[[ Supplied records, beginning ]]

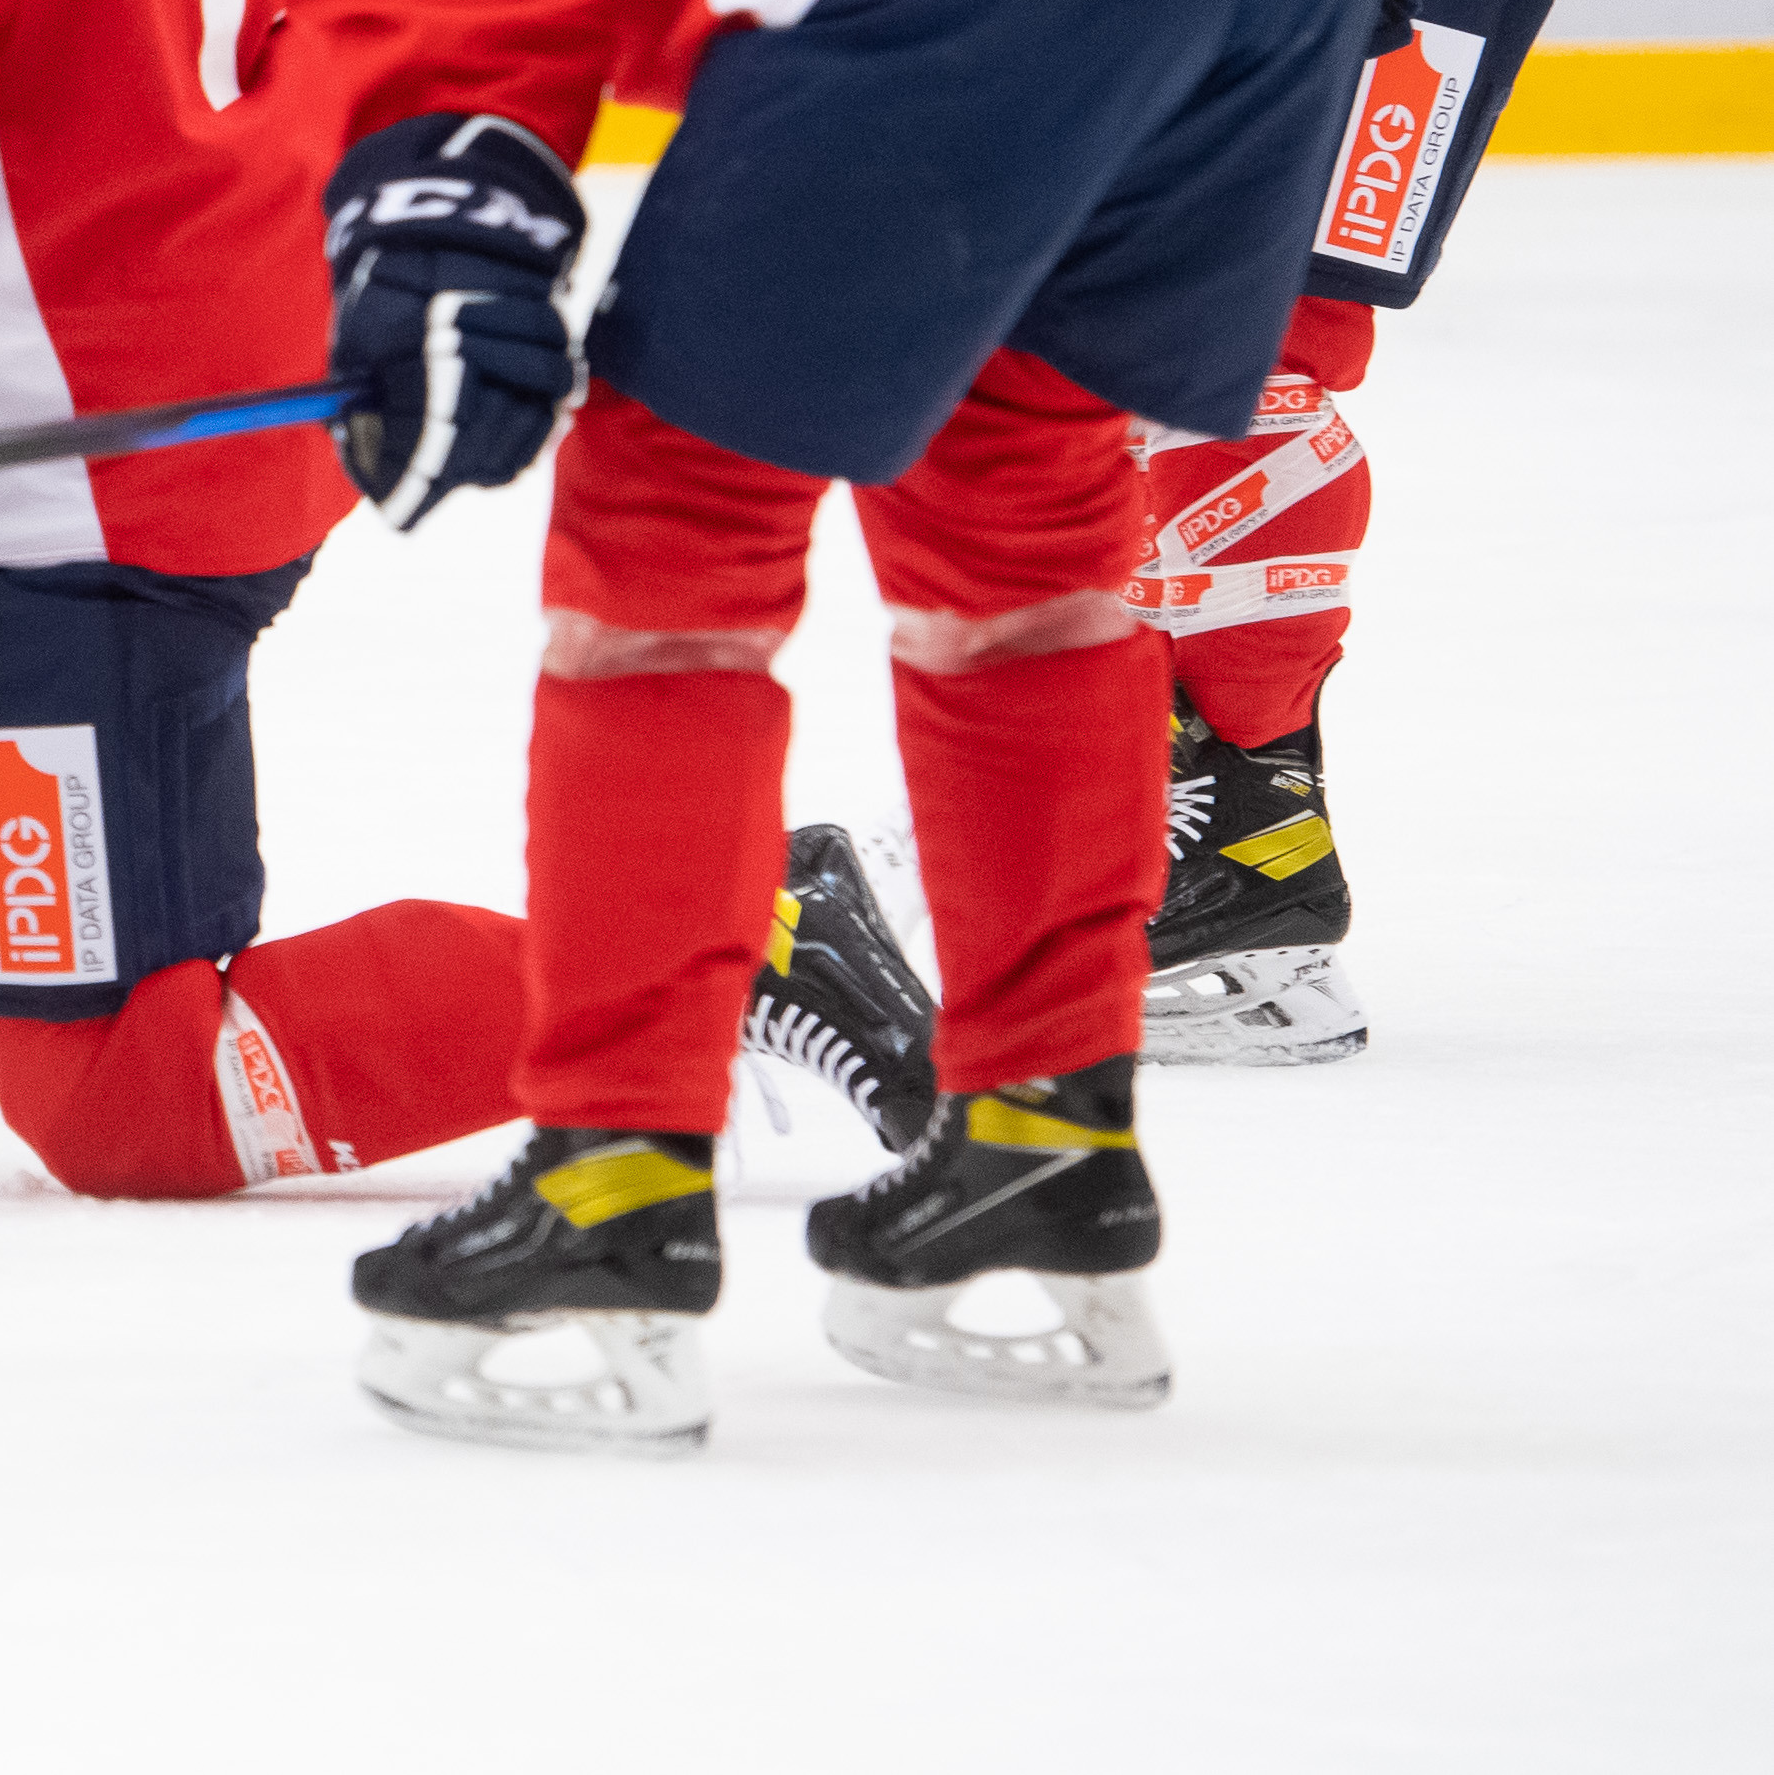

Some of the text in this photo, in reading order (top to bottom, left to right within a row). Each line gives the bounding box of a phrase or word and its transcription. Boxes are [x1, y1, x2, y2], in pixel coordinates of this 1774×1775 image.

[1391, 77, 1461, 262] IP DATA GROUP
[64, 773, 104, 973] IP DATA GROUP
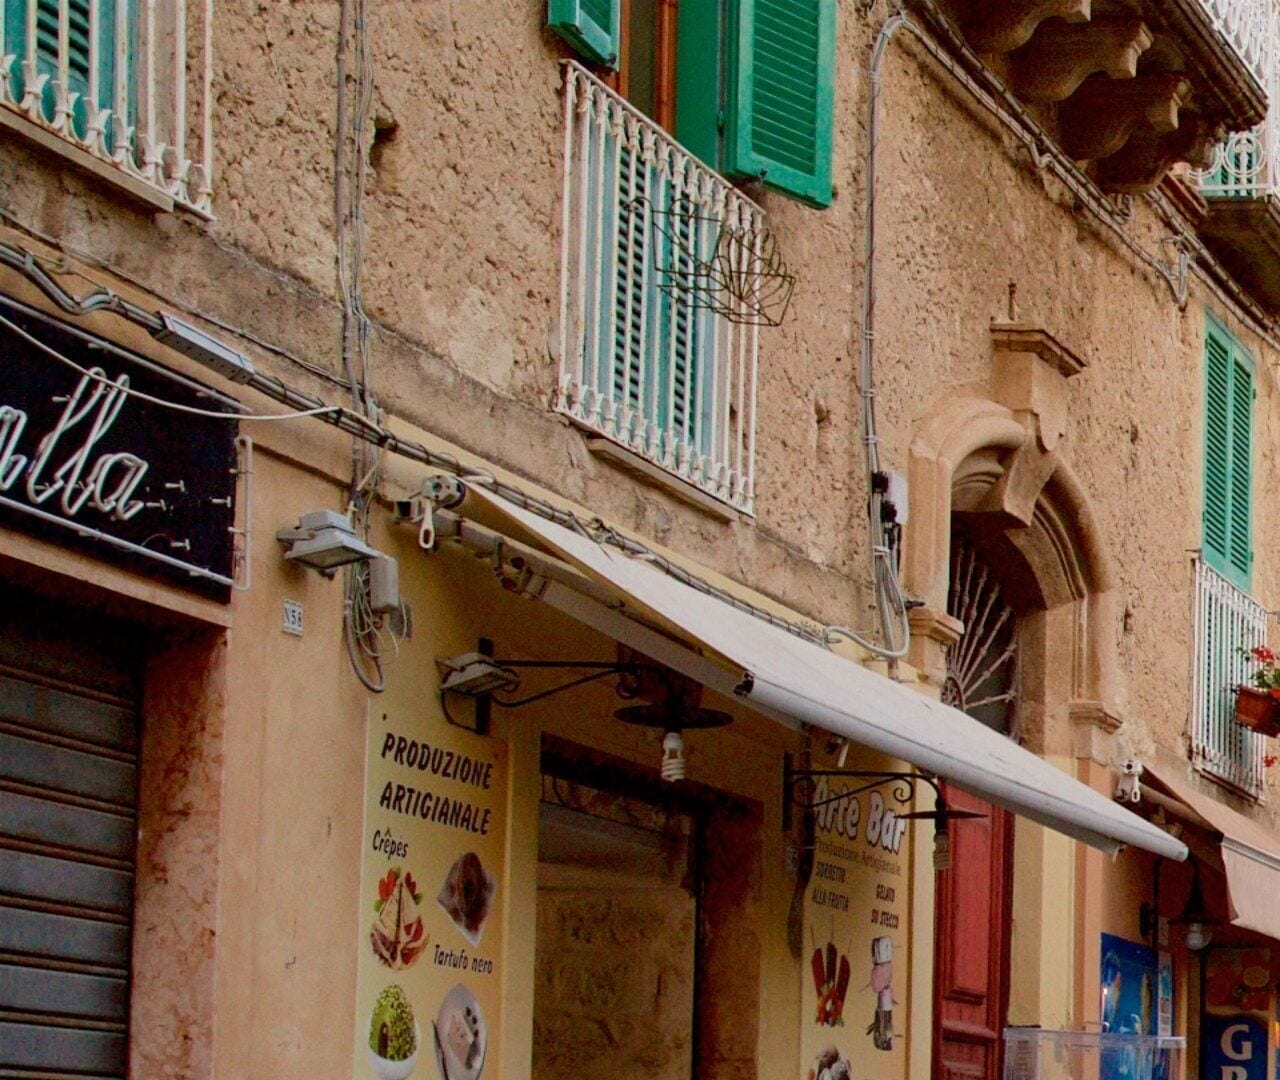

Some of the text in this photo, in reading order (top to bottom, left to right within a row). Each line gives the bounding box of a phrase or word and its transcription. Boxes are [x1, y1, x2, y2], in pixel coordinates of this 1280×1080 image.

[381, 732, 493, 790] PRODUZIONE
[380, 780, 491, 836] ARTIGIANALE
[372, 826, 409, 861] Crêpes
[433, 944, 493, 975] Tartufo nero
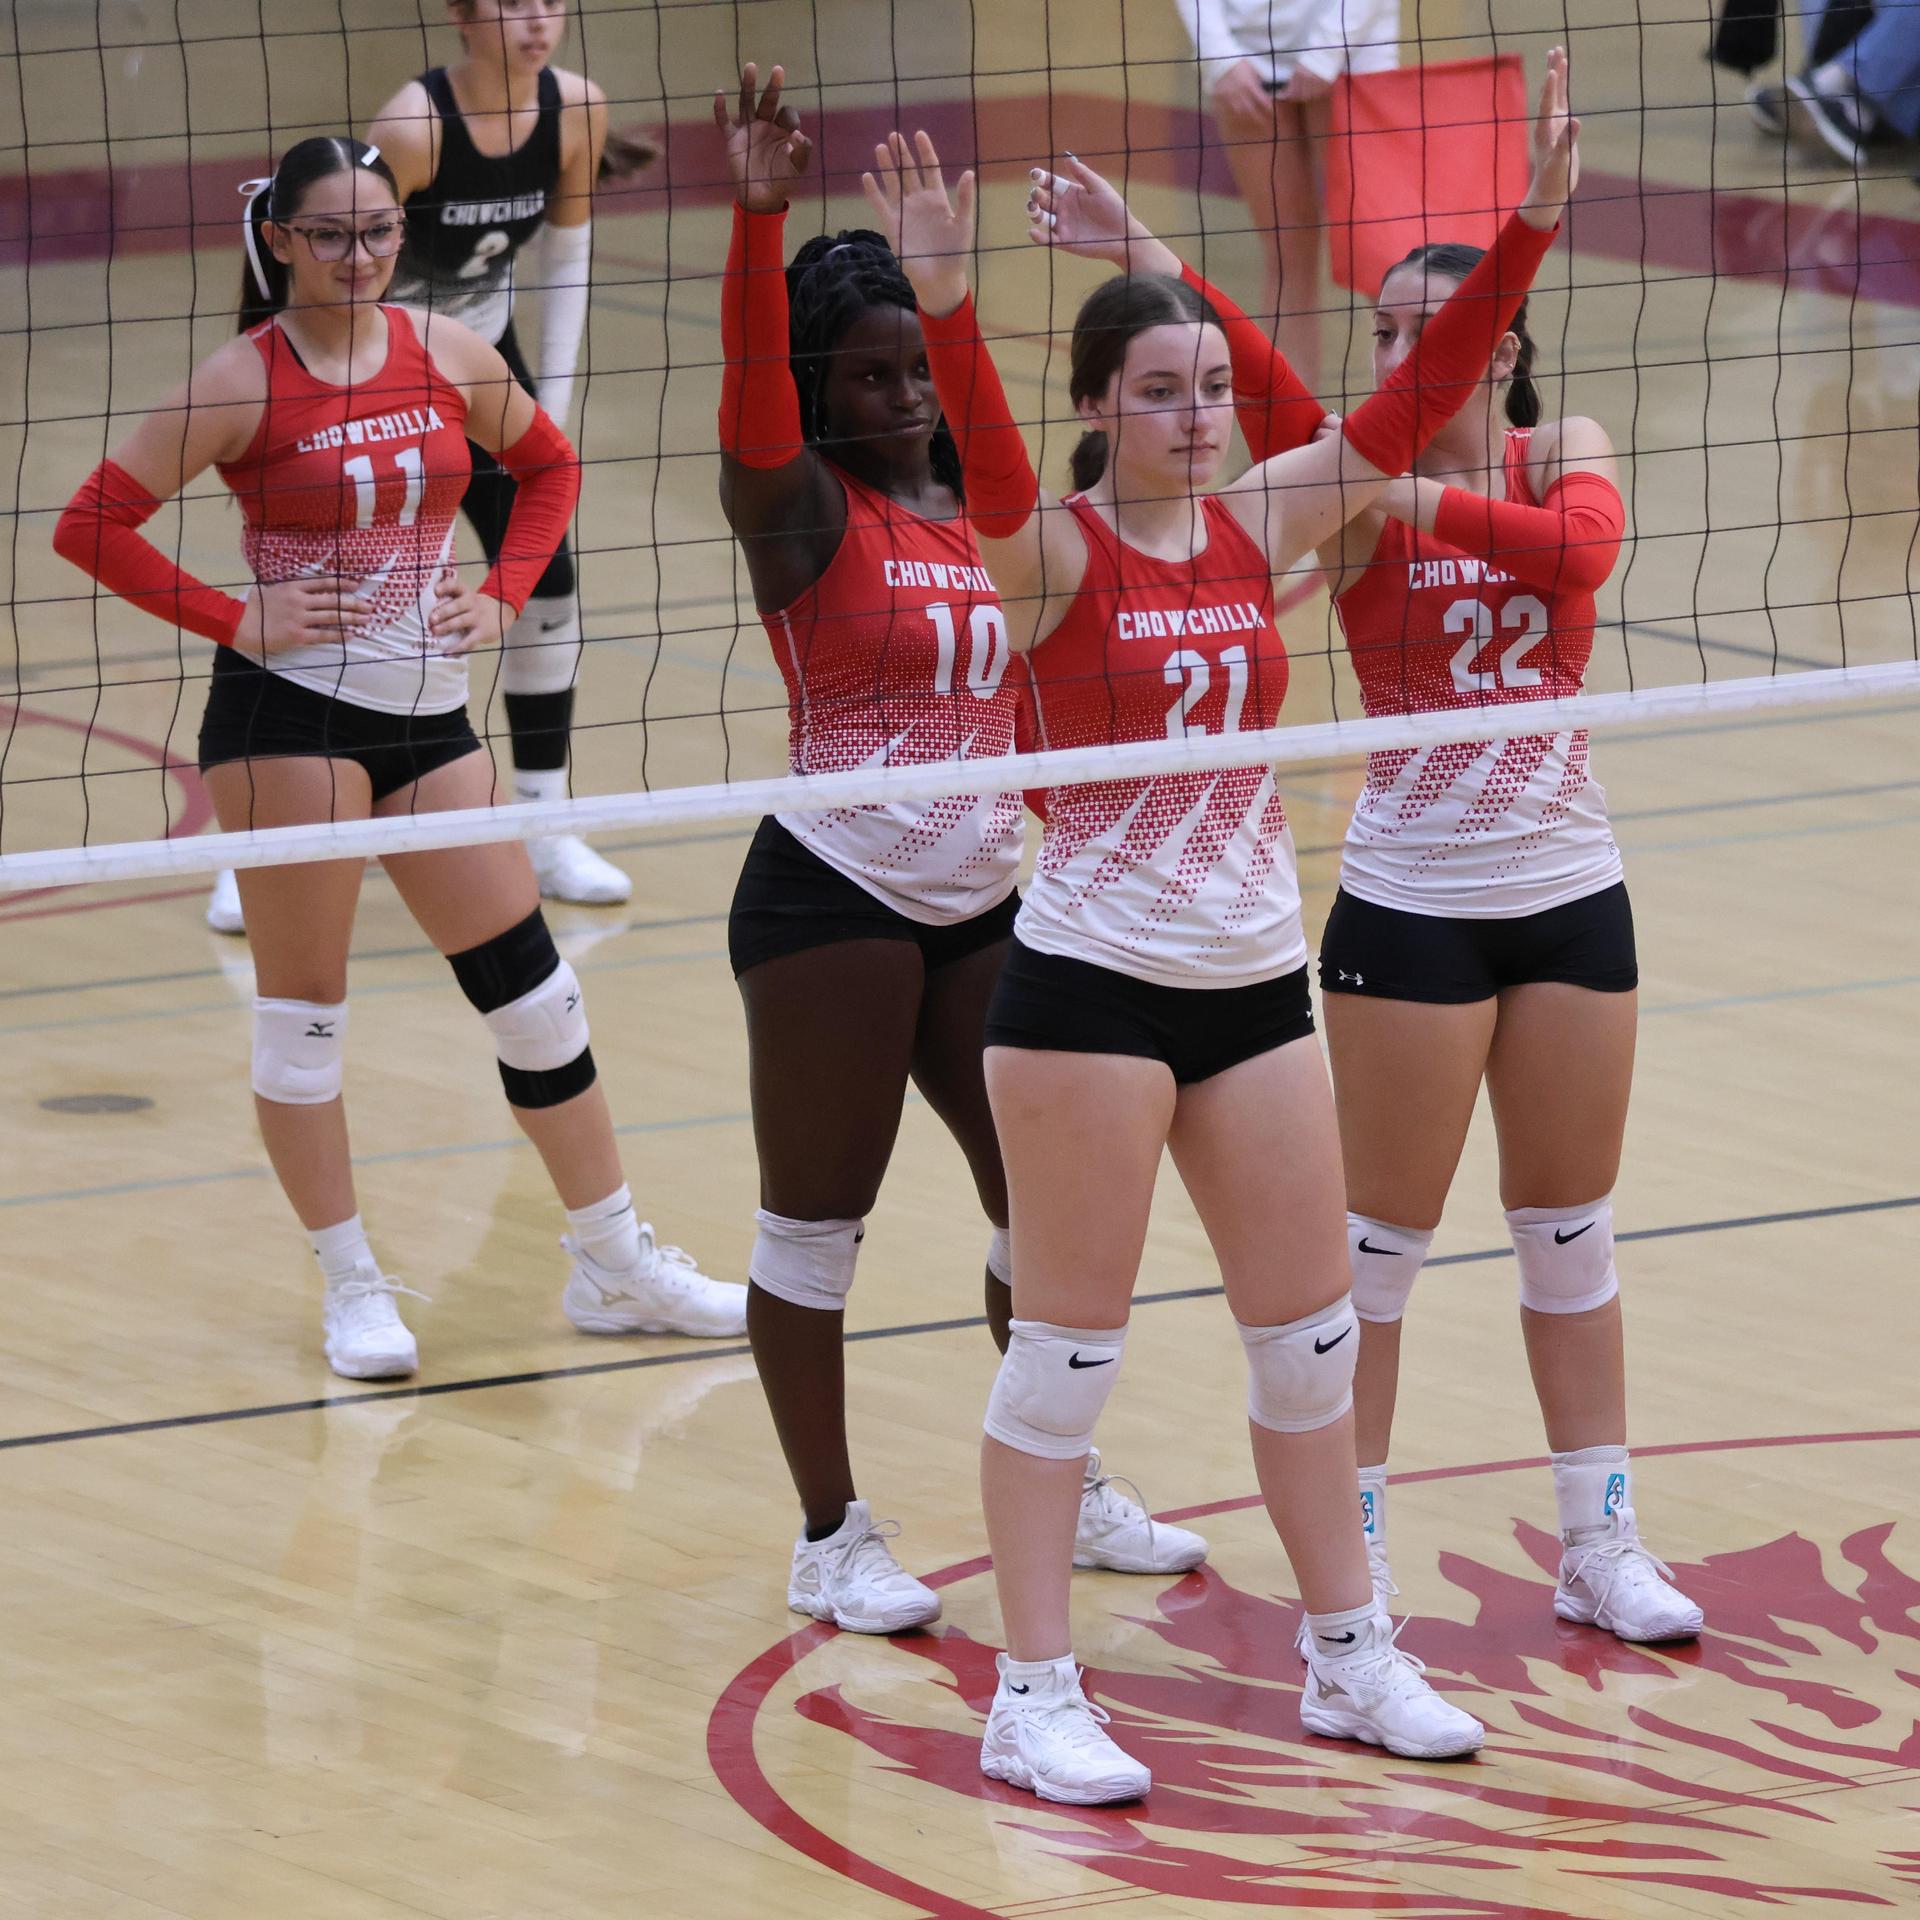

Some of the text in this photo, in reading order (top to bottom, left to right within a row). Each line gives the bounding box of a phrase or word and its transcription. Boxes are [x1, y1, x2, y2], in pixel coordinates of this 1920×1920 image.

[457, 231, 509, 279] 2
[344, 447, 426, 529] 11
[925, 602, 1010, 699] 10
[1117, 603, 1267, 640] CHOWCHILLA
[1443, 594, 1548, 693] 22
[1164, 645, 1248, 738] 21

[[ Supplied records, end ]]

What are the lines from the one with "this 1920×1920 image." through the last line of the records above? Quote them exactly and add nothing.

▶ [Answer for the task]
Some of the text in this photo, in reading order (top to bottom, left to right within a row). Each line gives the bounding box of a phrase or word and its transcription. Boxes are [x1, y1, x2, y2], in pixel coordinates of this 1920×1920 image.

[457, 231, 509, 279] 2
[344, 447, 426, 529] 11
[925, 602, 1010, 699] 10
[1117, 603, 1267, 640] CHOWCHILLA
[1443, 594, 1548, 693] 22
[1164, 645, 1248, 738] 21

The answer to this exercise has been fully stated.